The last two quarters set company records for comparable store sales and profitability, and while this is certainly not sustainable, it demonstrates just how resilient O'Reilly is regardless of the economic climate.

2. There is still room to grow 

According to O'Reilly management, the automotive aftermarket is highly fragmented, with the top three chains owning less than half of the total stores in the U.S. This presents O'Reilly the opportunity to grow by stealing market share from independent retailers that lack the scale and brand recognition to compete. Management believes that customers care less about price and more about getting the right part as quickly as possible to fix their cars and get on with their lives. Smaller shops just don't have the inventory and supply chain capabilities. 

Like other major players in different industries, the pandemic provided a chance to strengthen competitive positioning as weaker peers struggle to survive. O'Reilly is no different.
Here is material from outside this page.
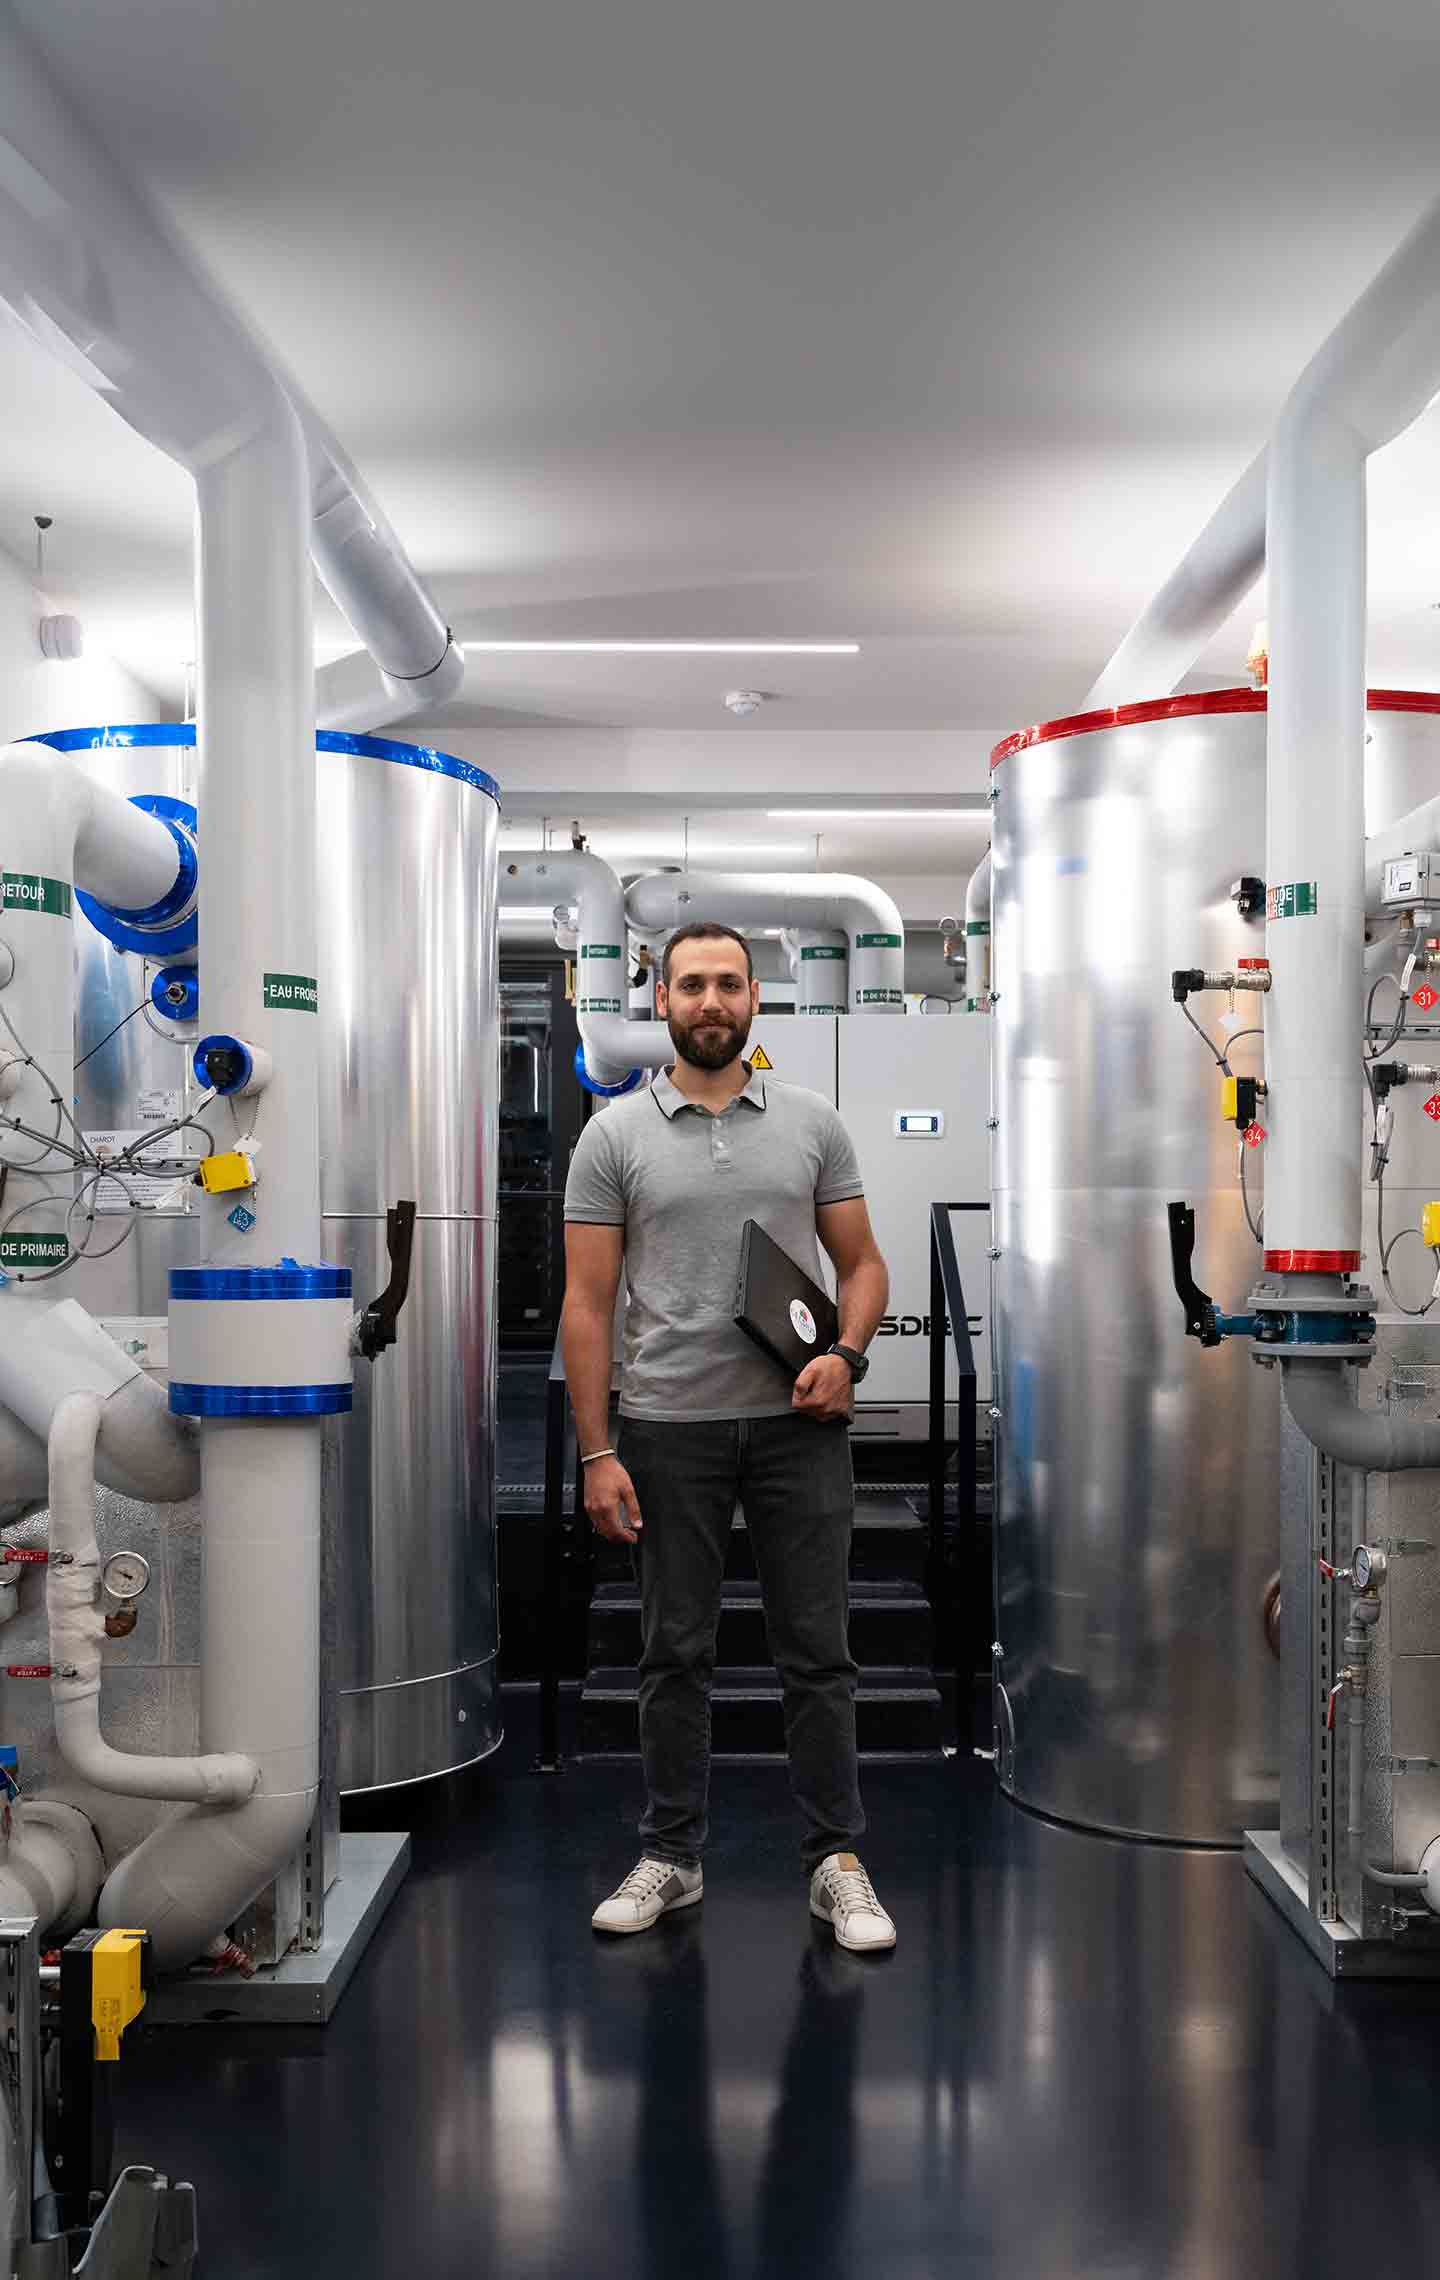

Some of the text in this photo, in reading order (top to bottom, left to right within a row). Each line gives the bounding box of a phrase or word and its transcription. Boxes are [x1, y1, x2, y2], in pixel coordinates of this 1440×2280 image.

[270, 984, 292, 998] EAU
[1418, 991, 1431, 1006] 31
[1247, 1128, 1261, 1142] 34
[1, 1242, 67, 1257] DE PRIMAIRE
The company is still opening stores (165 planned for 2020), and management has plans to eventually operate 6,500 stores in the U.S. That means there is a runway for approximately 900 more locations. 

While investors worry about how long the company's key demand driver (miles driven) will remain under pressure, O'Reilly will continue on with its growth plans. 

3. The stock is cheap 

Over the past 12 months, the S&P 500 is up 16%, more than twice O'Reilly's performance during the same time period. I believe this is due to those investor fears mentioned earlier. But given the company's long history of revenue and profit growth, coupled with its recession-proof business model, the stock is undervalued today. 

Further boosting per-share returns is a consistent share-buyback program, one that has led to a near halving of the total shares outstanding over the last decade. Although this program was put on pause as the coronavirus pandemic started, it has since resumed and management will continue utilizing this method of returning excess cash to shareholders. 

O'Reilly hasn't kept up with the stock market's recent rally, but now is the time to get in on this boring, and lucrative, company.